_Exercise_
What is needed is a faithful copy of all the entries, with no pictures in it.

_Extracted data_
----

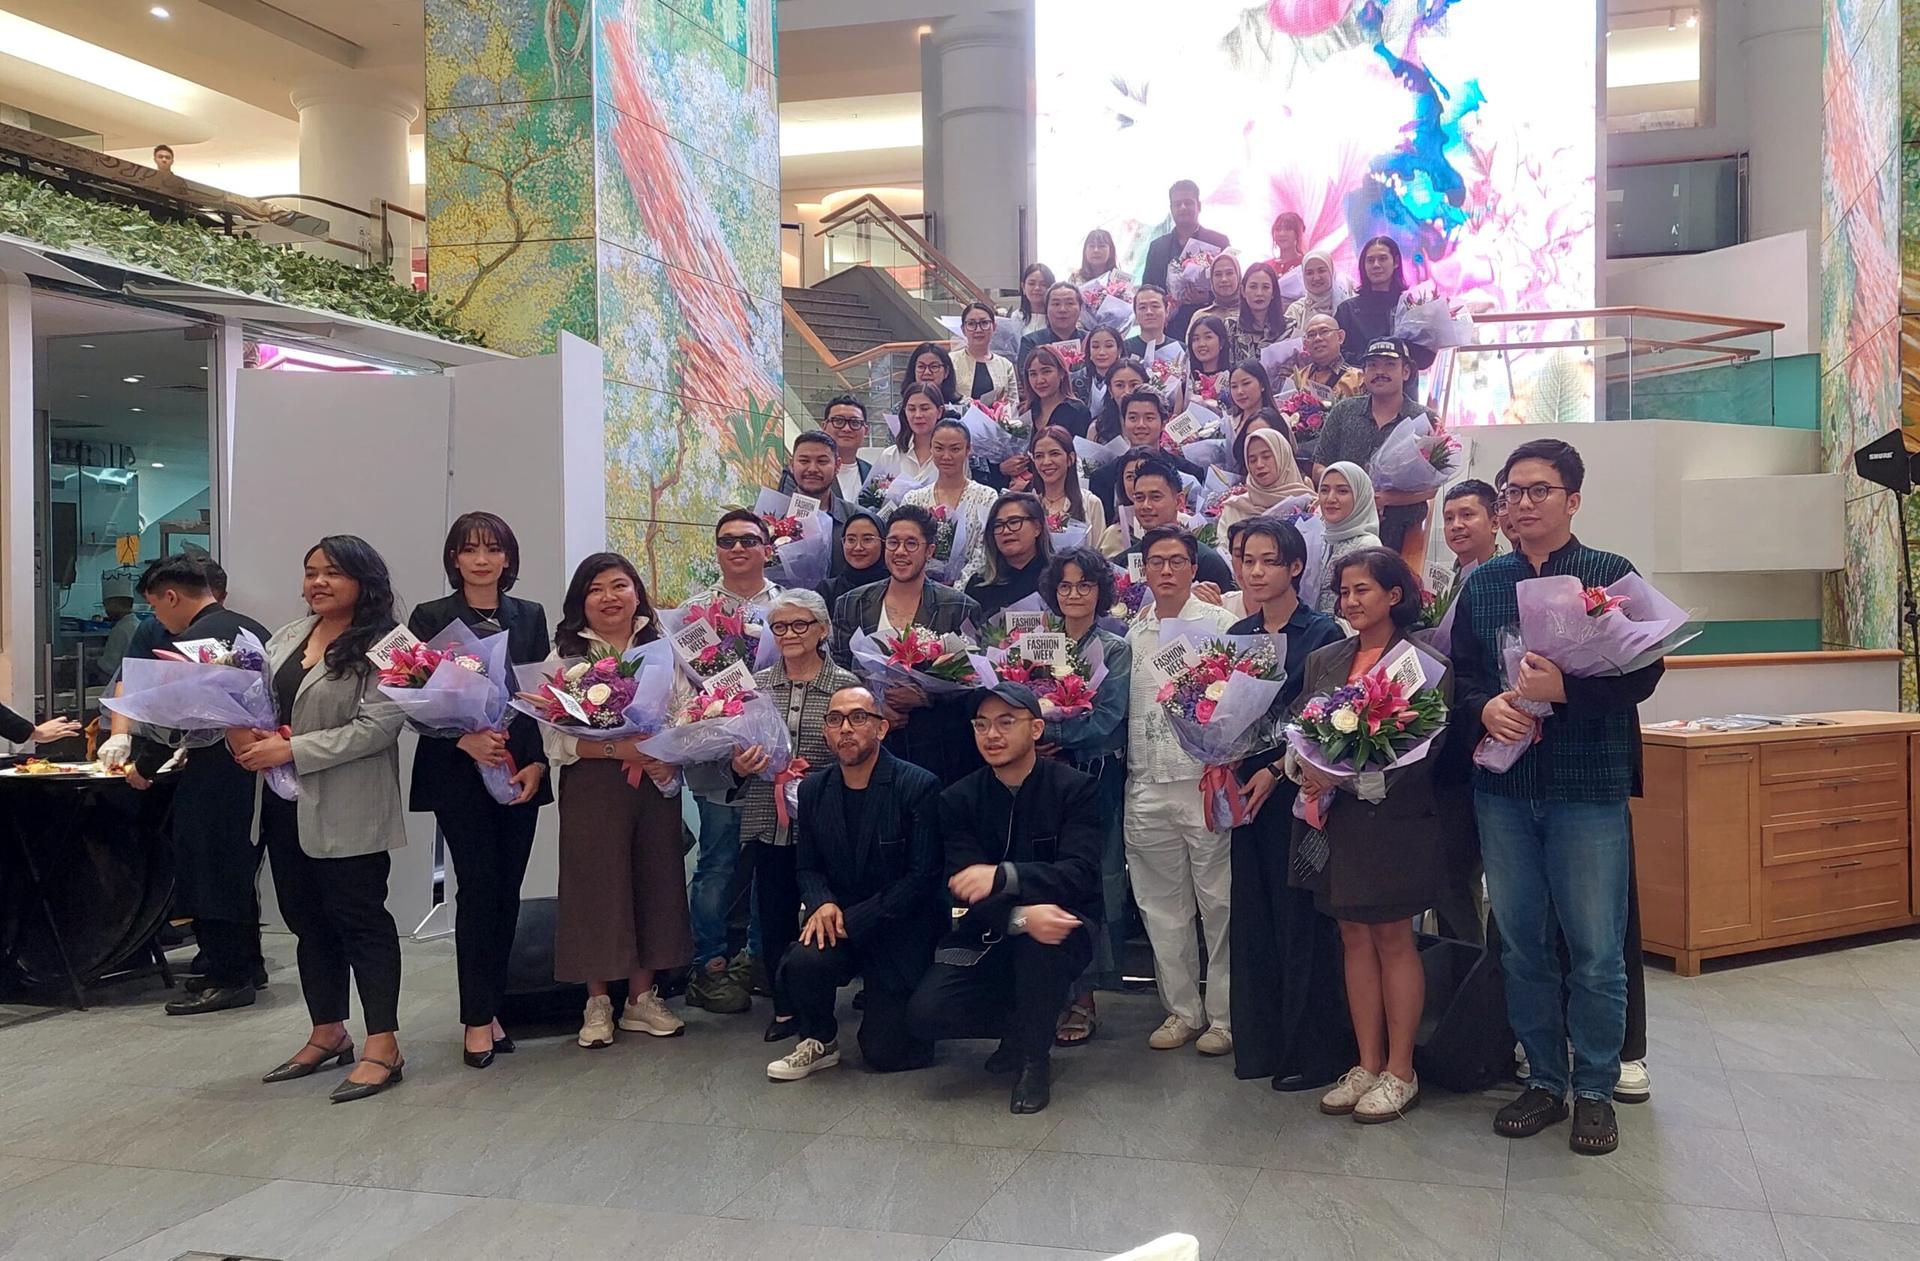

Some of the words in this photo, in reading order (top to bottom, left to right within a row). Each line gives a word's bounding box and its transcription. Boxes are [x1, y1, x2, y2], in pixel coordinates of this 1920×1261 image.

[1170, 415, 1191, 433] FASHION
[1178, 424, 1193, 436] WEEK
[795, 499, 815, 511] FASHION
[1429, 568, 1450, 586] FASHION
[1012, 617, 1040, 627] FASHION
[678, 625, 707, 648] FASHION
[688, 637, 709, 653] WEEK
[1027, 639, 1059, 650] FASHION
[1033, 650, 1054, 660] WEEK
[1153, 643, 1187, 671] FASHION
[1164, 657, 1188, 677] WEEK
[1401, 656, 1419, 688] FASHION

----

_Answer box_
Some of the words in this photo, in reading order (top to bottom, left to right within a row). Each line gives a word's bounding box and its transcription. Boxes are [x1, y1, x2, y2], in pixel coordinates of this 1920×1261 image.

[1170, 415, 1191, 433] FASHION
[1178, 424, 1193, 436] WEEK
[795, 499, 815, 511] FASHION
[1429, 568, 1450, 586] FASHION
[1012, 617, 1040, 627] FASHION
[678, 625, 707, 648] FASHION
[688, 637, 709, 653] WEEK
[1027, 639, 1059, 650] FASHION
[1033, 650, 1054, 660] WEEK
[1153, 643, 1187, 671] FASHION
[1164, 657, 1188, 677] WEEK
[1401, 656, 1419, 688] FASHION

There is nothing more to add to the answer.